Pólvora y asesinos

 

Aquel día amaneció despejado, como si el cielo quisiera ver lo que iba a ocurrir. Yo, como todos los días, ya estaba desayunando, preparándome para una dura jornada de trabajo en la granja; el patrón me recogería en una hora y aún tenía que preparar la leña para esa noche. El día transcurría como siempre, el poblado se desperezaba poco a poco y todo parecía normal hasta que empezamos a escuchar un rumor de un lejano galopar de caballos, parecían muchos.

Salí al porche, mi mujer estaba recogiendo la ropa tendida y los dos nos quedamos mirando el camino, donde, de una creciente nube de polvo que se acercaba, salió un jinete solitario que gritaba, entonces me di cuenta que era el hijo mayor de nuestros vecinos.

Apenas le dio tiempo a decir un nombre cuando se oyó un disparo y cayó del caballo.

¡Carson! El famoso bandido del medio Oeste. Disfrutaba asolando aldeas, aparte de robar bancos, secuestrar gente, dinamitar trenes y un largo etcétera. Enseguida me decidí, agarré a mi mujer por el brazo y con el otro cogí el revólver de mi padre. Hace unos años, debido a la inseguridad de estas colonias, construí un refugio subterráneo, y parecía que había llegado el momento de usarlo.

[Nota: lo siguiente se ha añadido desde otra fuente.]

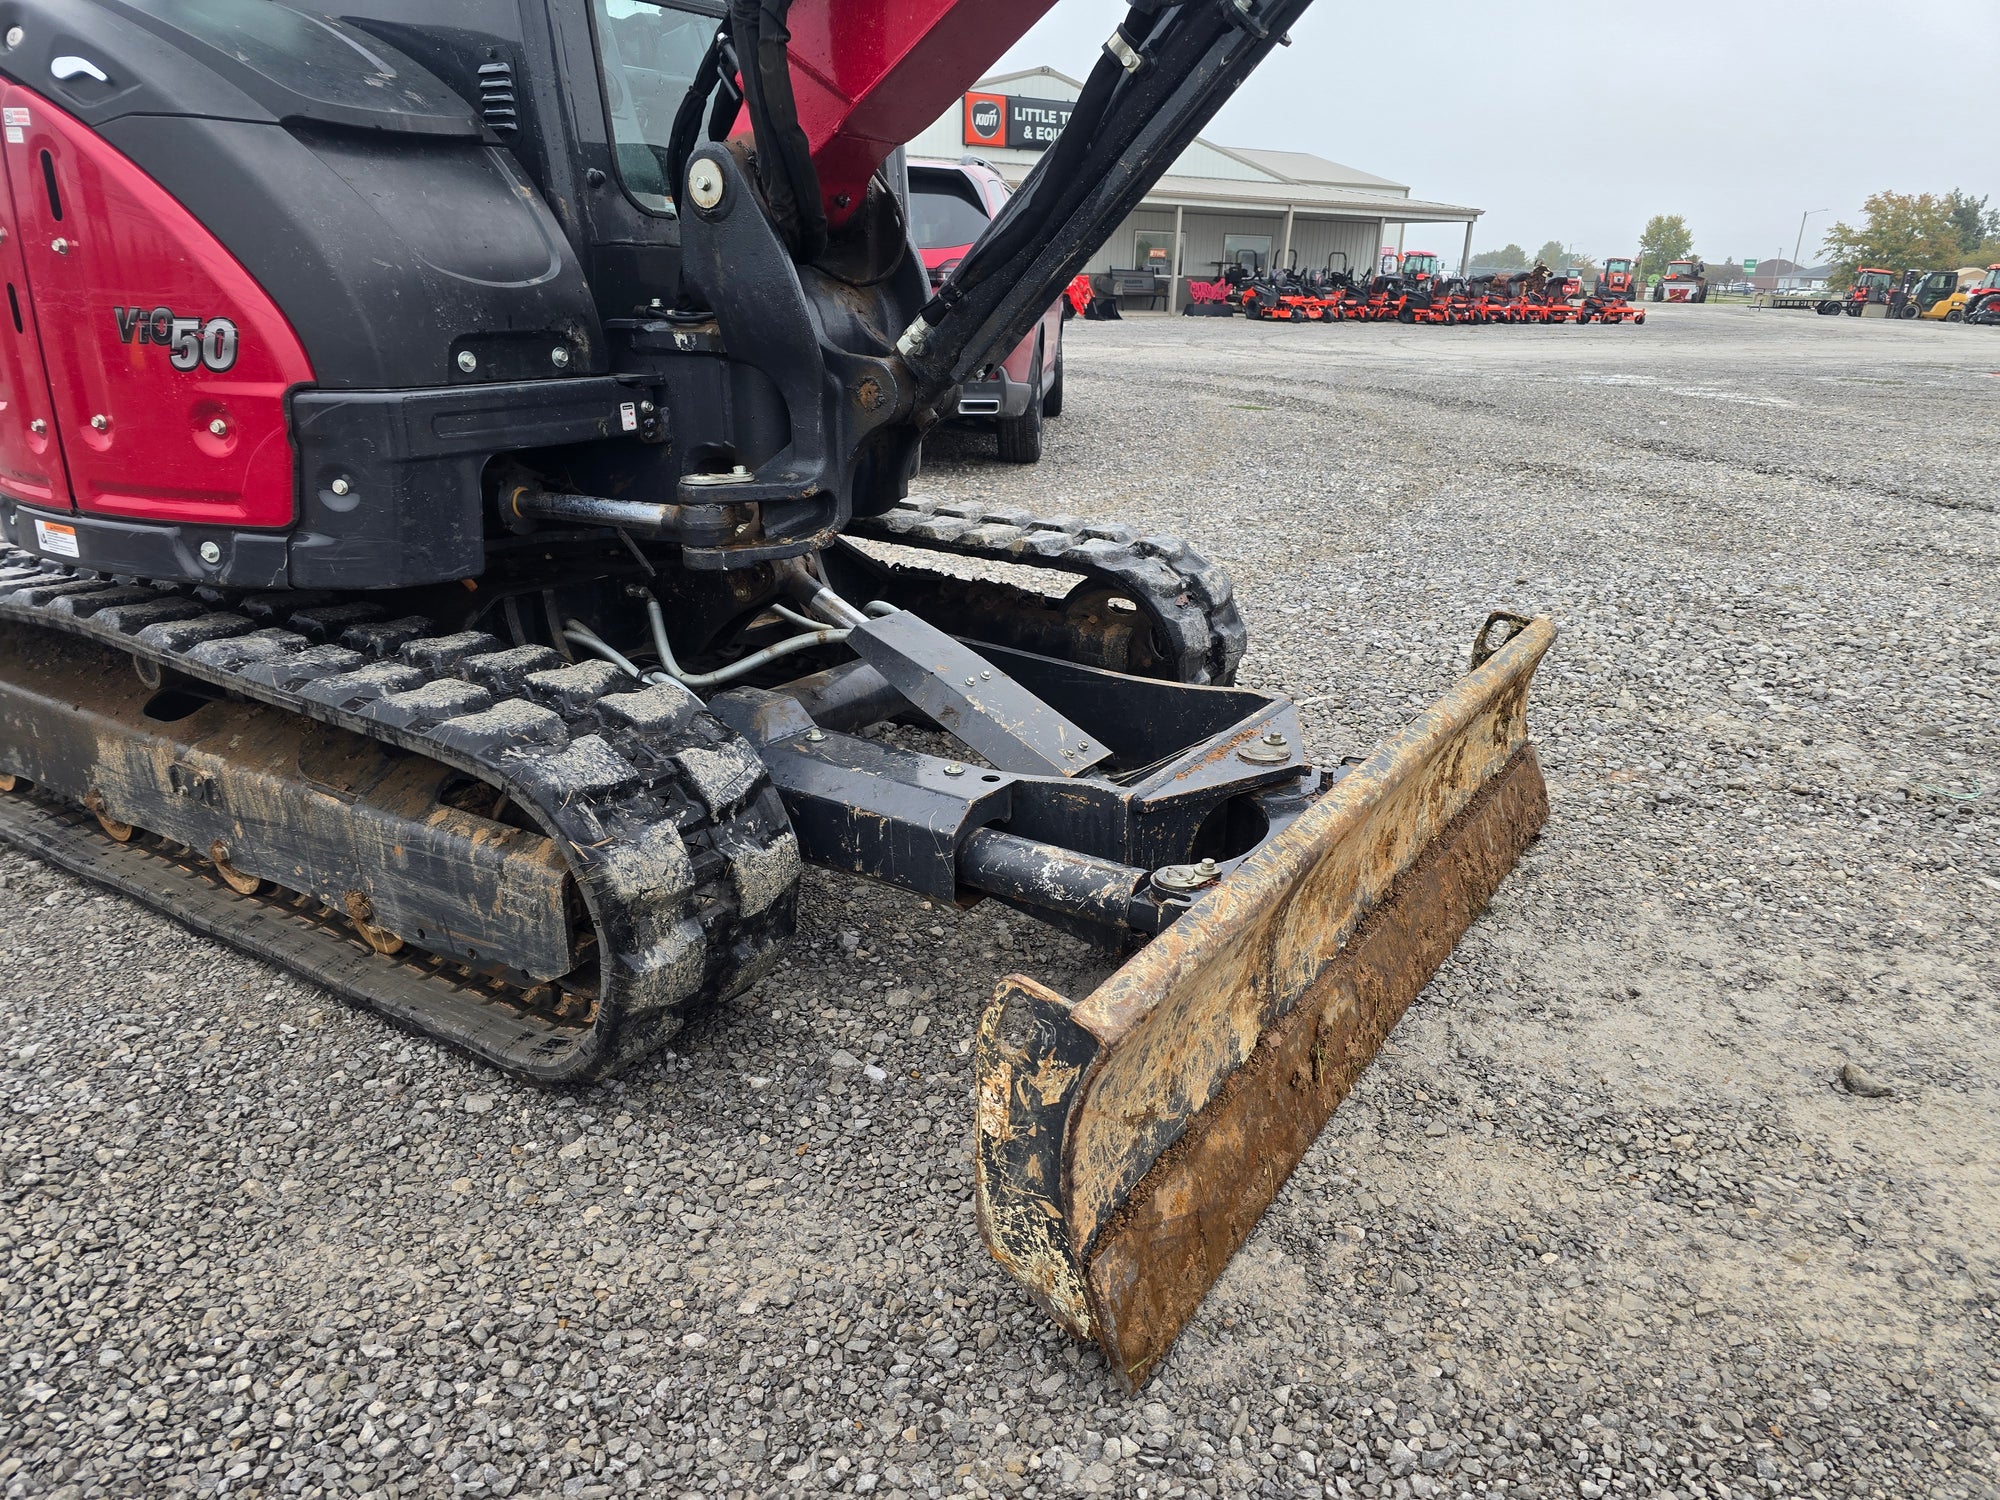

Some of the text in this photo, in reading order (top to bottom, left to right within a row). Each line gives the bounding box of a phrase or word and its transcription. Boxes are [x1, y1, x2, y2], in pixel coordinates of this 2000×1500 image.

[975, 108, 998, 127] KIOTI
[1014, 107, 1057, 123] LITTLE
[1023, 125, 1033, 140] &

Abrí la trampilla y entramos, gracias a un pequeño mecanismo de espejos podía ver la entrada de mi casa, así que contuvimos la respiración y observamos.

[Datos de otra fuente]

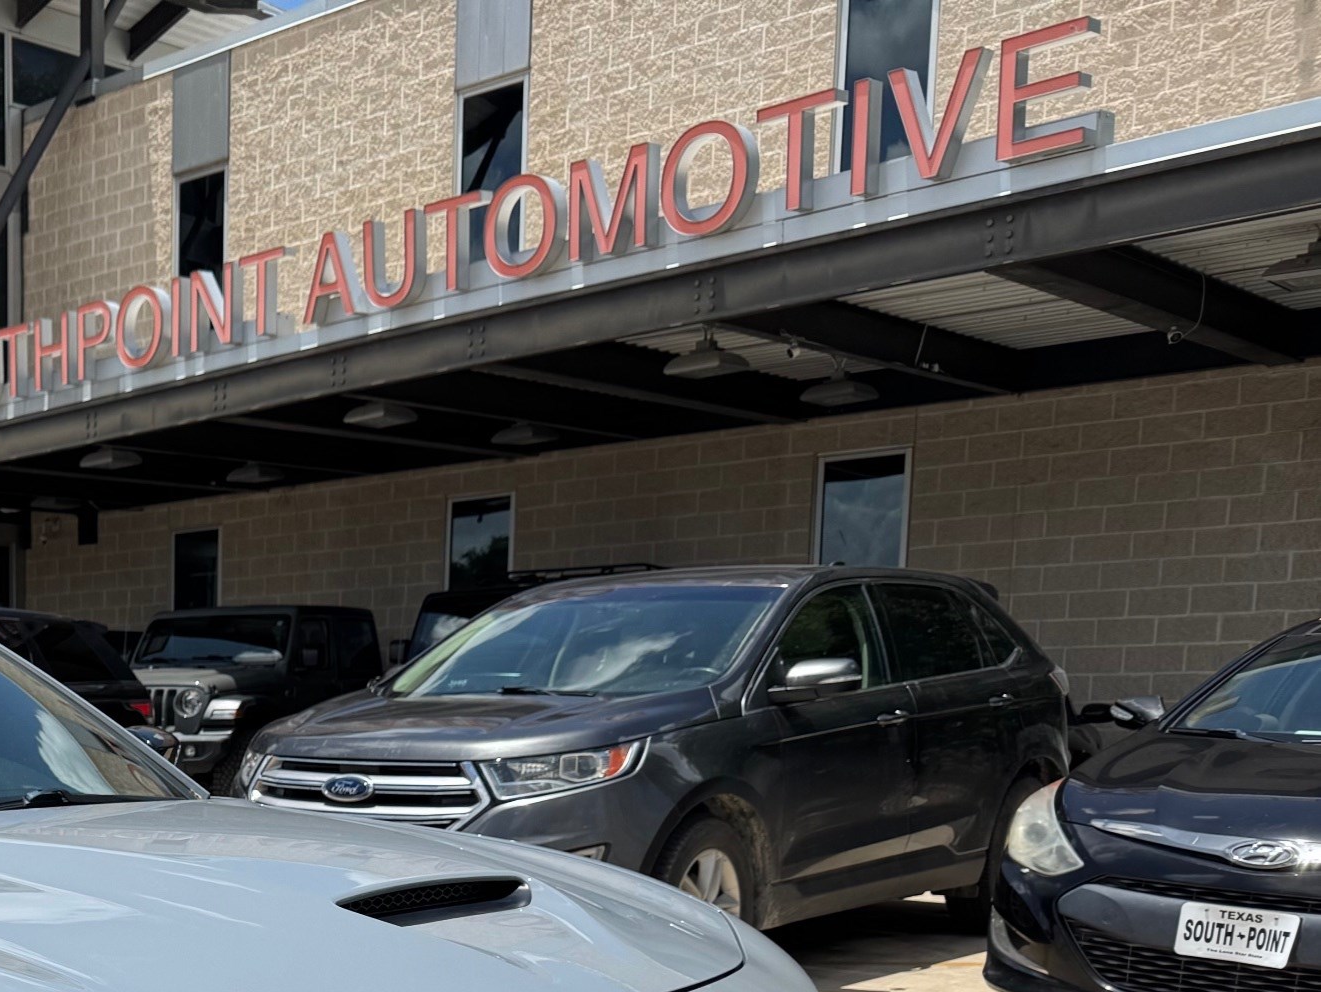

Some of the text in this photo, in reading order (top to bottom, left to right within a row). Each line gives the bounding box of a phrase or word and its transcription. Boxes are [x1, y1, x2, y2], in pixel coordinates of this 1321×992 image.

[302, 16, 1108, 326] AUTOMOTIVE
[1219, 909, 1263, 924] TEXAS
[1183, 918, 1291, 954] SOUTH POINT

Algunos vecinos que estaban aún intentando entrar en sus casas fueron abatidos, otros pudieron escapar, mi mujer y yo mirábamos aterrados. Carson Manofría venía acompañado de unos doce o quince pistoleros, pero nuestra sorpresa fue grande cuando vimos que junto al cuartel del sheriff estaban apostados otros tantos defensores. Miembros del ejército, el sheriff y sus dos ayudantes e incluso un hombre con un uniforme de Marshall. Los estaban esperando.

Entonces comprendí que habían elegido nuestro pueblo para tenderles una trampa a Carson y sus hombres. Y poco les importaba que hubiera heridos civiles.

Cuando vieron las fuerzas que se les enfrentaban las risas cesaron y hubo duda en los ojos y ademanes de los bandidos, pero cuando decidieron irse ya era tarde. La dinamita siseó desde los tejados y tiradores con rifle aparecieron de la nada. Las explosiones y disparos acabaron con la mayoría. Pero Carson aún vivía, se sujetaba el vientre en el suelo con su famosa pistola tirada a su lado.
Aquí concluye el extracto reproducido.